I was a little thrown by the friendships Patty forges with people on her ocean crossing. One is a potential love interest, who is temperamental and rude (like her father); the other is a girl who seems to want to remain friends after arriving in Paris. But both of these characters vapourise from view afterwards, despite having been developed enough that it felt weird that they just no longer existed after that.

Then there’s Patty’s relationship with Roger Auberon, which starts basically the moment she arrives in Paris. It happened overnight (quite literally) and he’s a good guy, if a bit impractical. Patty has a hard time reconciling that it’s okay for a man to not treat her like trash.

Where the book started to fall apart for me was the last few chapters, when Patty, fresh out of hospital from treatment for severe ulcers, goes to Göttingen against Roger’s wishes (they have a fight about it) and doctor’s orders, to follow her obsession with Anton’s family to whatever end it comes.

So we spend several chapters in Göttingen with a Sense of Impending Doom, and after a lot of waffling about and being terrified of the telephone, Patty learns that Anton’s mother is dead, and she leaves the city without telling Anton’s father or sister (whom she meets) any of the things she had planned to say to Mrs Reiker. It felt like a lot of wasted time somehow, although that section did have one of the best lines in the book:

I submitted my body to the telephone with the same sense of impending oblivion that a condemned man must experience at the moment of submission to the electric chair.

Oh, Patty. SO DRAMATIC. I love you.

Anyway, the book does have a hopeful ending despite the abovementioned Sense of Impending Doom.
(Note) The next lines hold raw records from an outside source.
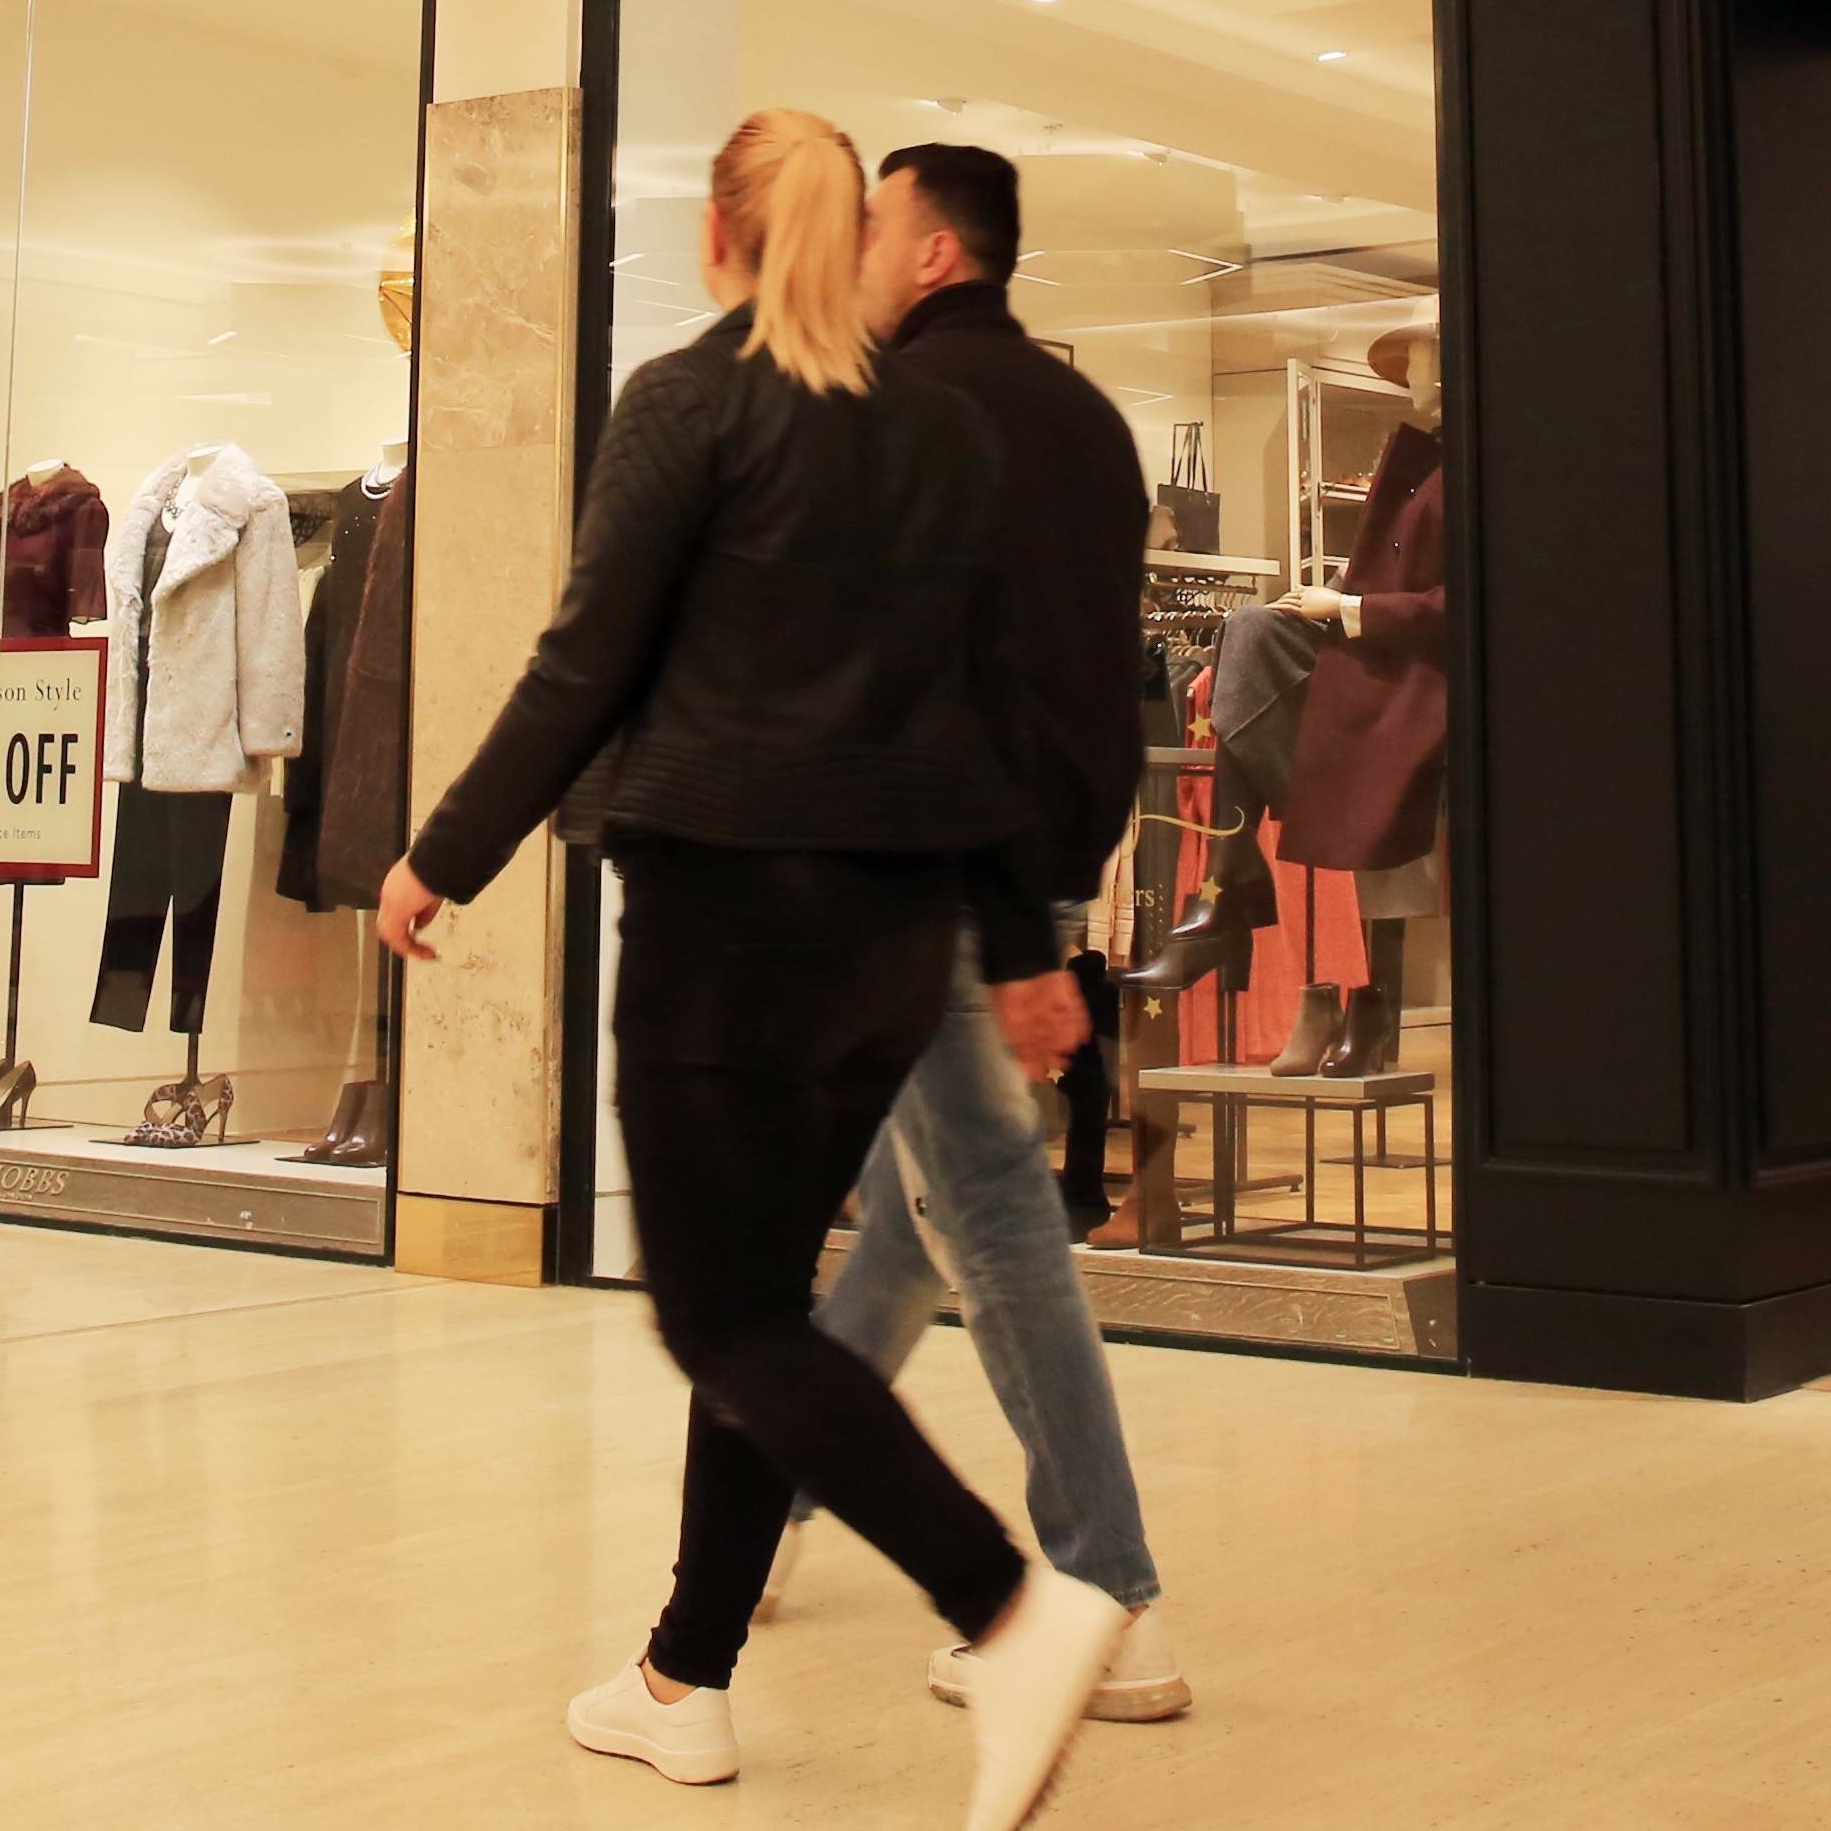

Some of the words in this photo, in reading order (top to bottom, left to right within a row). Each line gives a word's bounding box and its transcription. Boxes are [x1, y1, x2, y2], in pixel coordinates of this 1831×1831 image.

[35, 677, 82, 711] Style
[5, 732, 79, 805] OFF
[13, 826, 41, 839] Items
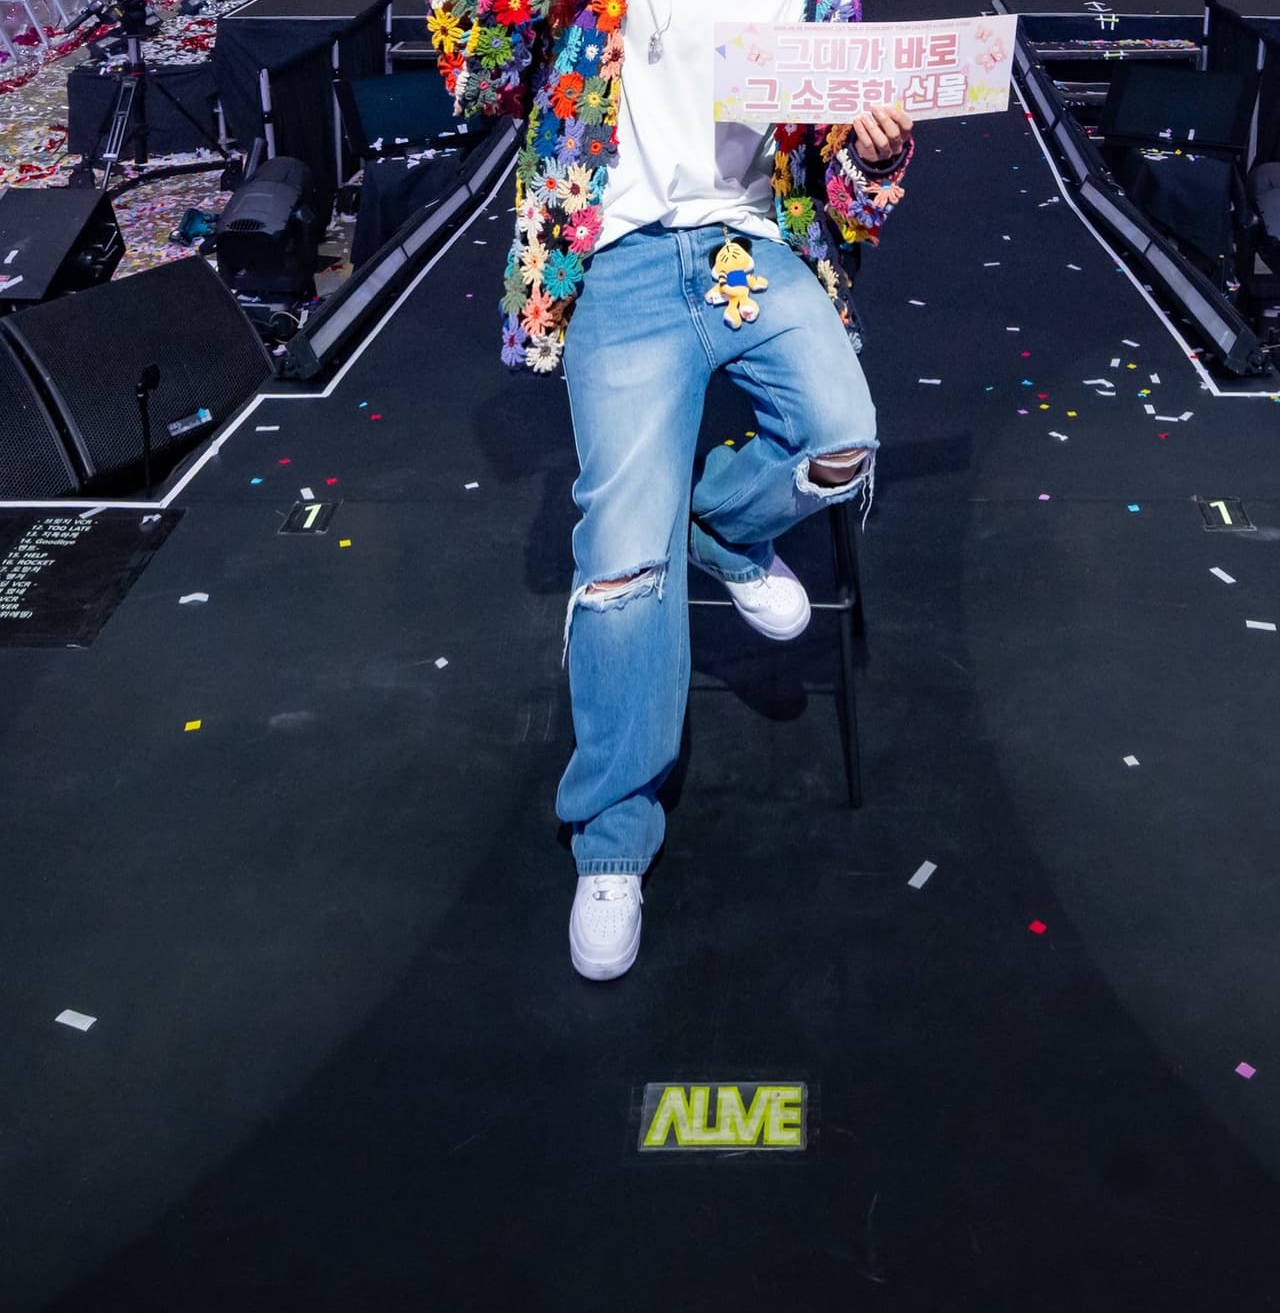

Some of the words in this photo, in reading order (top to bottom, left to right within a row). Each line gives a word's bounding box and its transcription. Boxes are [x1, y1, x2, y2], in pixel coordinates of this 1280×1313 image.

[776, 35, 886, 72] 그대가
[892, 32, 960, 71] 바로
[744, 78, 780, 112] 그
[790, 77, 896, 113] 소중한
[902, 72, 969, 112] 선물
[302, 504, 323, 528] 1
[1210, 501, 1233, 526] 1
[643, 1086, 802, 1146] ALIVE
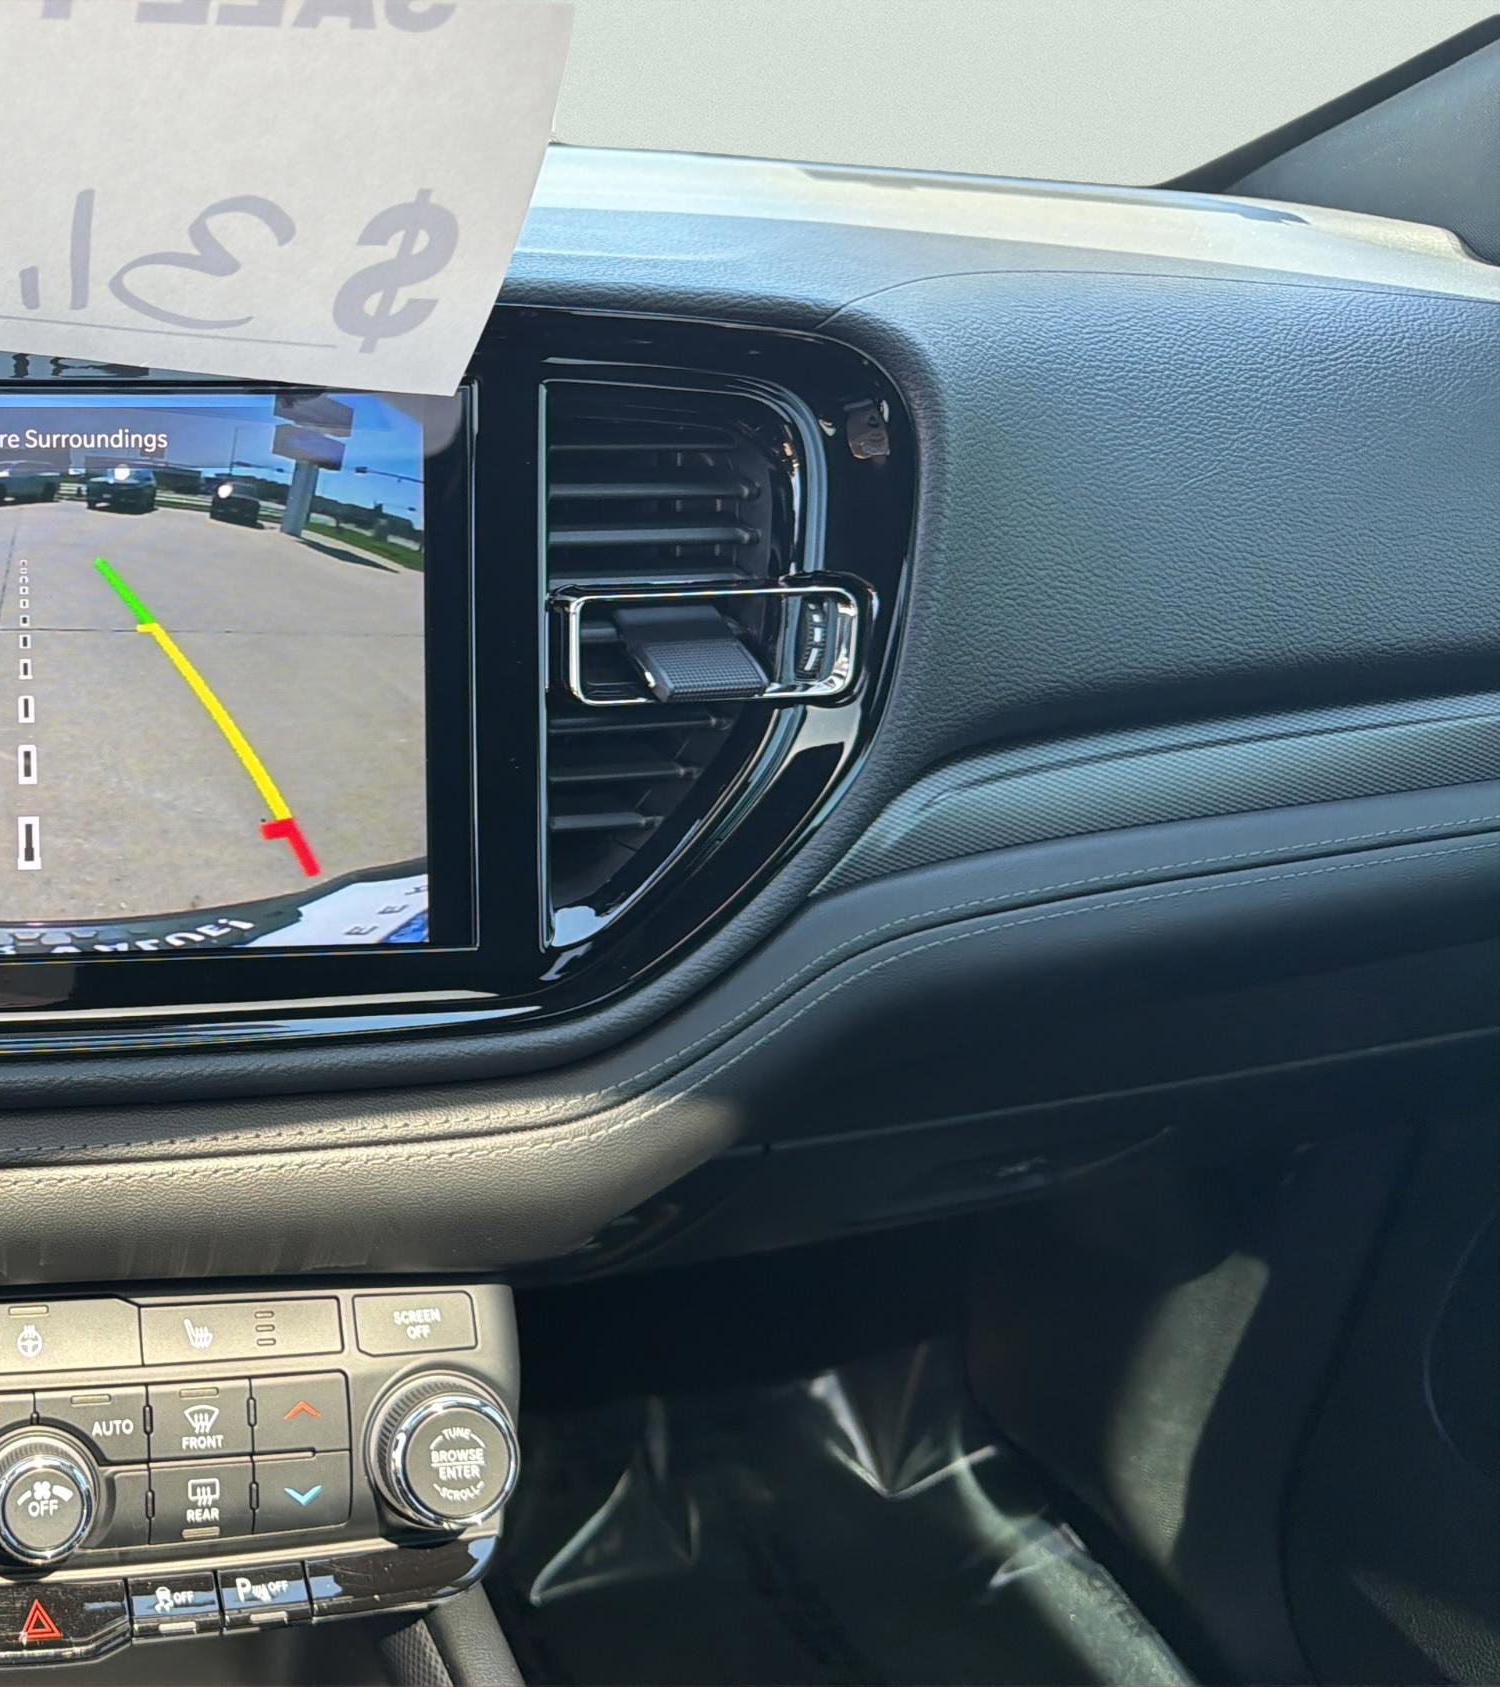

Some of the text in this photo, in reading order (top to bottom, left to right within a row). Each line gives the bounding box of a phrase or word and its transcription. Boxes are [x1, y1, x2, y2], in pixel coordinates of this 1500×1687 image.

[25, 428, 168, 451] Surroundings
[393, 1309, 440, 1325] SCREEN
[407, 1324, 430, 1339] OFF
[92, 1418, 134, 1437] AUTO
[441, 1427, 472, 1440] TUNE
[182, 1434, 224, 1450] FRONT
[431, 1448, 484, 1463] BROWSE
[439, 1465, 481, 1480] ENTER
[440, 1484, 480, 1501] SCROLL
[28, 1499, 59, 1516] OFF
[186, 1507, 220, 1523] REAR
[268, 1580, 289, 1593] OFF
[173, 1591, 195, 1604] OFF
I think I would have enjoyed the story more if it had dealt less with the Anton Reiker Incident, and more with just Patty’s growth as a person. It could have been a super strong standalone book; it felt a little strained trying to connect the two plots. Still, I was glad to read it and I think that, as sequels go, it was very good.

But perhaps my most burning question is WHAT HAPPENED TO ANTON’S RING BECAUSE THE SEQUEL NEVER SAYS SHE STILL WORE IT AND THIS TROUBLES ME A GREAT DEAL.

If you’ve read these, I’d love to hear your thoughts on them!

-Eva

Eva was born in Jacksonville, Florida. She left that humidity pit at the age of three and spent the next twenty-one years in California, Idaho, Kentucky, and Washington before ending up in Oregon, where she now lives on a homestead in the western foothills with her husband and five children, two of whom are human.